*** Opening SUPPLIED DATA ***

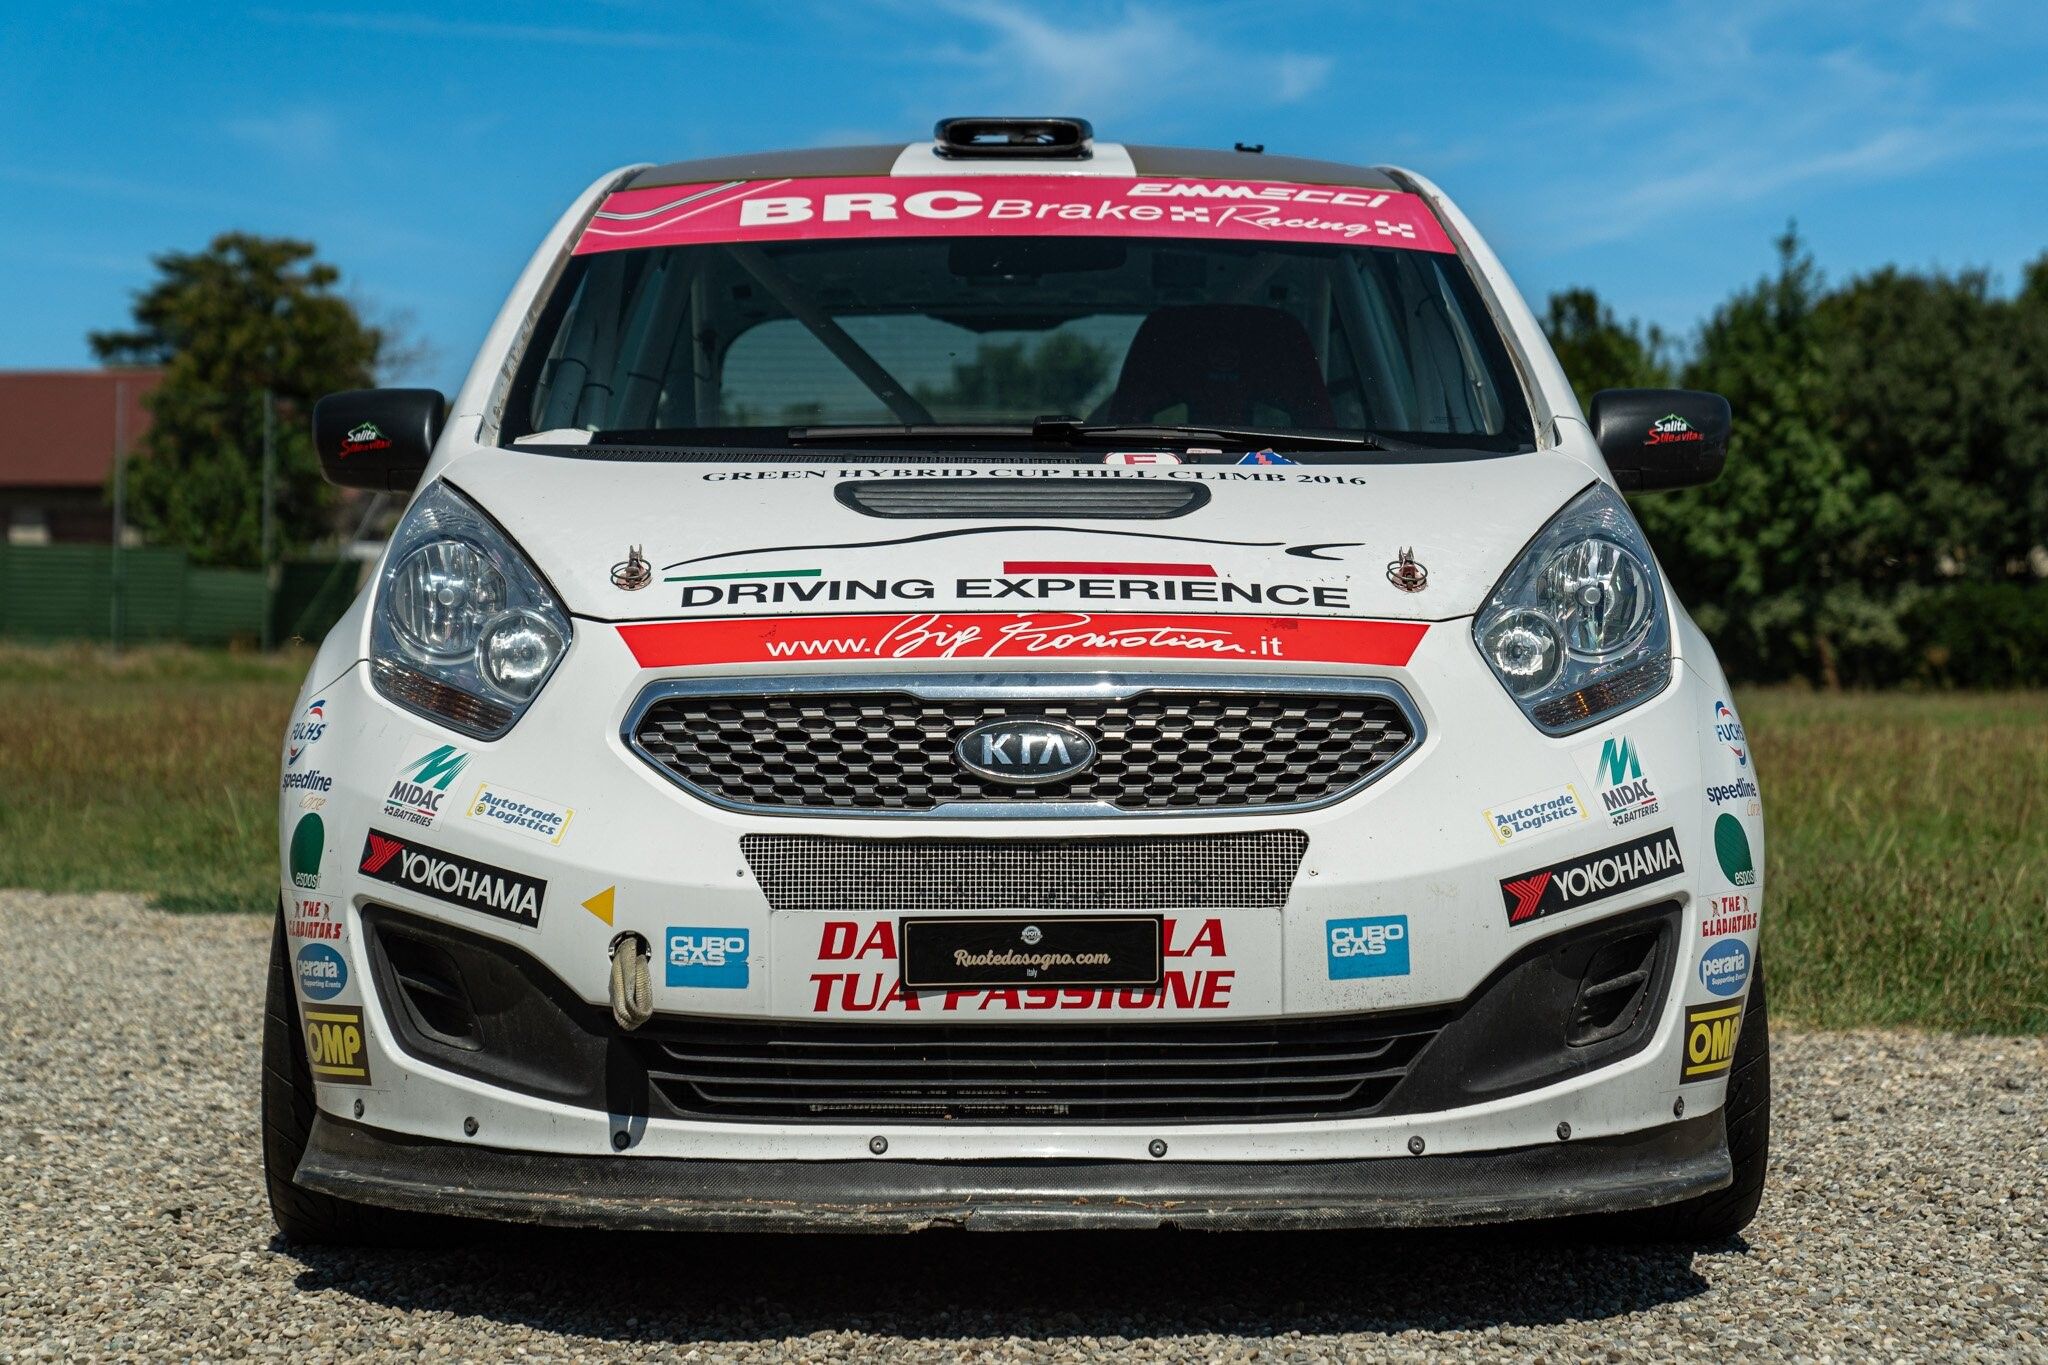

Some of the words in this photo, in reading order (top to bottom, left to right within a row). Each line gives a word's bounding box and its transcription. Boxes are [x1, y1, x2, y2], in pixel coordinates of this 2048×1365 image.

[1126, 183, 1390, 208] EMMECCI
[739, 190, 983, 226] BRC
[986, 199, 1163, 222] Brake
[1215, 204, 1371, 238] Racing
[347, 429, 377, 443] Salita
[1654, 420, 1687, 432] Salita
[702, 470, 829, 481] GREEN
[838, 469, 978, 478] HYBRID
[988, 468, 1060, 478] CUP
[1072, 470, 1157, 479] HILL
[1168, 471, 1287, 482] CLIMB
[1296, 474, 1367, 485] 2016
[680, 579, 936, 608] DRIVING
[956, 578, 1351, 609] EXPERIENCE
[290, 722, 326, 741] FUCHS
[1715, 723, 1745, 742] FUCHS
[981, 733, 1072, 765] KIA
[282, 769, 333, 793] speedline
[1706, 777, 1757, 806] speedline
[388, 779, 445, 812] MIDAC
[1601, 778, 1655, 811] MIDAC
[392, 808, 434, 827] BATTERIES
[479, 791, 563, 826] Autotrade
[487, 805, 556, 836] Logistics
[1494, 794, 1574, 827] Autotrade
[1511, 805, 1578, 833] Logistics
[1623, 802, 1660, 824] BATTERIES
[1551, 838, 1682, 901] YOKOHAMA
[400, 849, 538, 919] YOKOHAMA
[302, 900, 322, 918] THE
[1721, 895, 1741, 914] THE
[287, 920, 342, 939] GLADIATORS
[1331, 923, 1404, 943] CUBO
[1702, 912, 1758, 938] GLADIATORS
[670, 935, 745, 953] CUBO
[1331, 940, 1387, 957] GAS
[670, 950, 726, 967] GAS
[953, 948, 1112, 971] Ruotedasogno.com
[1703, 949, 1745, 989] peraria
[809, 973, 921, 1012] TUA
[307, 1022, 361, 1065] OMP
[1688, 1016, 1740, 1064] OMP

*** Closing SUPPLIED DATA ***

WHAT NEEDS TO BE DONE: Every entry must be retyped exactly, with the pictures removed.

TASK SOLUTION:
Some of the words in this photo, in reading order (top to bottom, left to right within a row). Each line gives a word's bounding box and its transcription. Boxes are [x1, y1, x2, y2], in pixel coordinates of this 2048×1365 image.

[1126, 183, 1390, 208] EMMECCI
[739, 190, 983, 226] BRC
[986, 199, 1163, 222] Brake
[1215, 204, 1371, 238] Racing
[347, 429, 377, 443] Salita
[1654, 420, 1687, 432] Salita
[702, 470, 829, 481] GREEN
[838, 469, 978, 478] HYBRID
[988, 468, 1060, 478] CUP
[1072, 470, 1157, 479] HILL
[1168, 471, 1287, 482] CLIMB
[1296, 474, 1367, 485] 2016
[680, 579, 936, 608] DRIVING
[956, 578, 1351, 609] EXPERIENCE
[290, 722, 326, 741] FUCHS
[1715, 723, 1745, 742] FUCHS
[981, 733, 1072, 765] KIA
[282, 769, 333, 793] speedline
[1706, 777, 1757, 806] speedline
[388, 779, 445, 812] MIDAC
[1601, 778, 1655, 811] MIDAC
[392, 808, 434, 827] BATTERIES
[479, 791, 563, 826] Autotrade
[487, 805, 556, 836] Logistics
[1494, 794, 1574, 827] Autotrade
[1511, 805, 1578, 833] Logistics
[1623, 802, 1660, 824] BATTERIES
[1551, 838, 1682, 901] YOKOHAMA
[400, 849, 538, 919] YOKOHAMA
[302, 900, 322, 918] THE
[1721, 895, 1741, 914] THE
[287, 920, 342, 939] GLADIATORS
[1331, 923, 1404, 943] CUBO
[1702, 912, 1758, 938] GLADIATORS
[670, 935, 745, 953] CUBO
[1331, 940, 1387, 957] GAS
[670, 950, 726, 967] GAS
[953, 948, 1112, 971] Ruotedasogno.com
[1703, 949, 1745, 989] peraria
[809, 973, 921, 1012] TUA
[307, 1022, 361, 1065] OMP
[1688, 1016, 1740, 1064] OMP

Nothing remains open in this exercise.